O mundo vem sendo confrontado com a pior crise econômica desde a década de 1930. Como uma metástase, a crise se espalhou rapidamente e contaminou a economia mundial. Insaciável em sua voragem não dá sinais de esgotamento e arrasta o mundo para uma recessão. Sob a perspectiva ideológica, a crise tendo o seu epicentro na maior economia mundial, abalou os mitos do liberalismo e colocou em xeque o ‘pensamento único’ que varreu irresistivelmente o planeta nas últimas décadas.

A “crise é o Muro de Berlim do livre mercado”. Assim a definiu Joseph Stiglitz, para quem, “a queda de Wall Street representa para o fundamentalismo do mercado o que a queda do Muro de Berlim representou para o comunismo”. Porém, os desdobramentos da crise revelam, como já predizia Marx, que crises são constitutivas ao capitalismo e servem até mesmo para depurá-lo e estão longe de significar o fim do mesmo, ao contrário, aos poucos vai ficando evidente que entre os maiores perdedores da crise estão os pobres. Nunca a máxima “capitalismo para os pobres e socialismo para os ricos” foi tão verdadeira.
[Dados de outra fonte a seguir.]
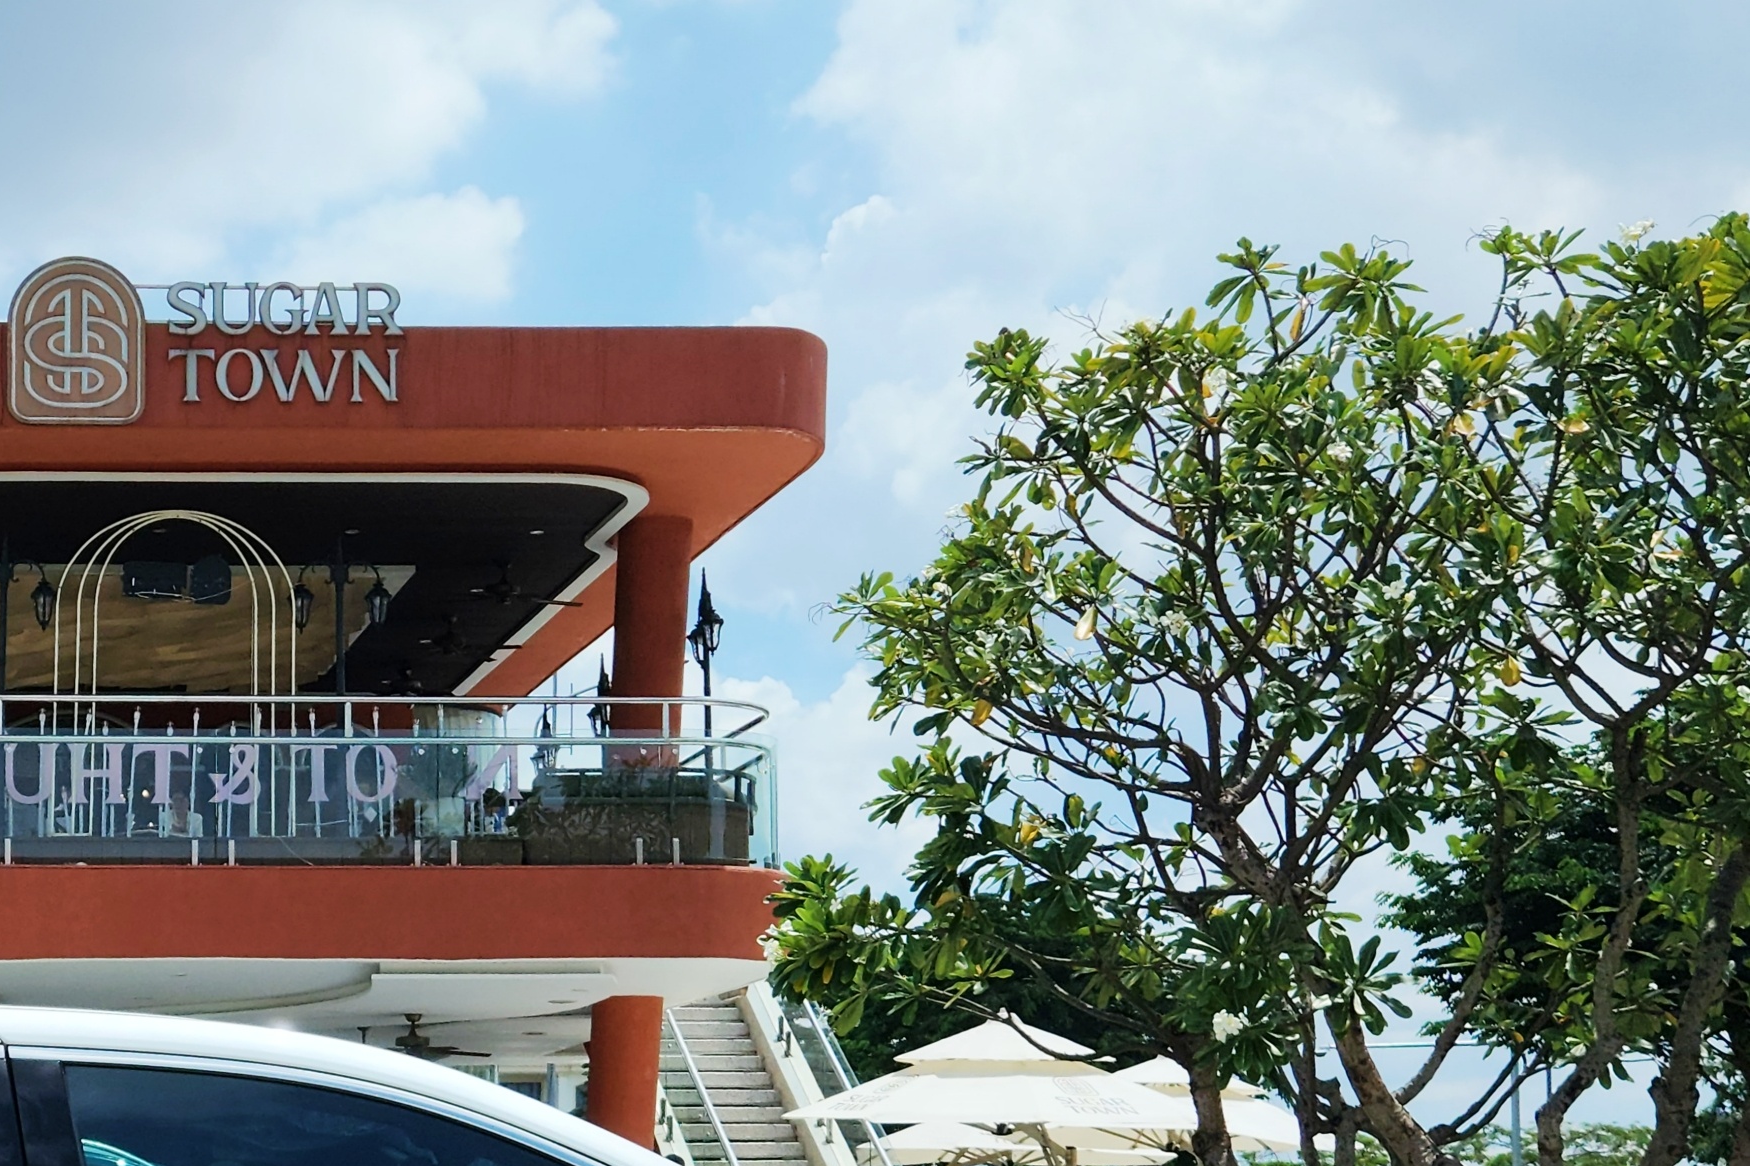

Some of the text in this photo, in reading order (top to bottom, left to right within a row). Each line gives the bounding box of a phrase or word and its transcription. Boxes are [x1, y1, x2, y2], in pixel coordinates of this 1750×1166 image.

A crise evidencia ainda a ausência de alternativas de uma esquerda anticapitalista. No máximo se chegou ao keynesianismo como remendos aos estragos promovidos pela crise financeira. A crise econômica manifesta também uma crise da esquerda.

O caráter, significado e desdobramentos da crise mundial, assim como a crise ecológica, estiveram entre os principais temas abordados pela ‘Conjuntura da Semana’ em 2008. Do conjunto das análises realizadas, destacamos uma breve síntese dos principais fatos relacionados à crise:

1. A maior crise mundial pós-crash de 29;

Como em 29, a origem da crise encontra-se no sistema financeiro. A crise irrompeu em agosto de 2007 no mercado imobiliário americano. Após a farra de empréstimos imobiliários, assistiu-se nos EUA a uma onda de calotes. A onda de inadimplência assumiu efeitos em cadeia: primeiro, a crise do subprime atingiu as empresas imobiliárias; depois, bancos e fundos hedge e espalhou-se para outros tipos de financiamento. Não tardou para que a crise chegasse à economia real provocando quebradeira de bancos, fábricas, e promovendo demissões em massa.

2. Uma “crise de confiança”;

A idéia de que o mercado se orienta pela racionalidade e se trata de uma ciência matematizada é frágil. É curioso perceber que o capital encontra elementos de convergência com o mundo religioso. “Quebra de confiança”, “perda de fé no sistema”, revelam elementos que extravasam a propalada eficiência do capital. Assim como na religião, no mercado financeiro uma coisa fundamental é a fidúcia. Fidúcia é confiança. O que se rompeu foi a confiança e a crença no sistema. Com a interligação entre os mercados, a falta de confiança em um ponto da cadeia desatou um nó que revelou as interconexões deste nó com os demais. Como destaca o economista Eduardo Giannetti, “todo o sistema financeiro do mundo está baseado em crenças, confiança, promessas e expectativas. A confiança custa para ser construída, mas é muito rápida de ser destruída”.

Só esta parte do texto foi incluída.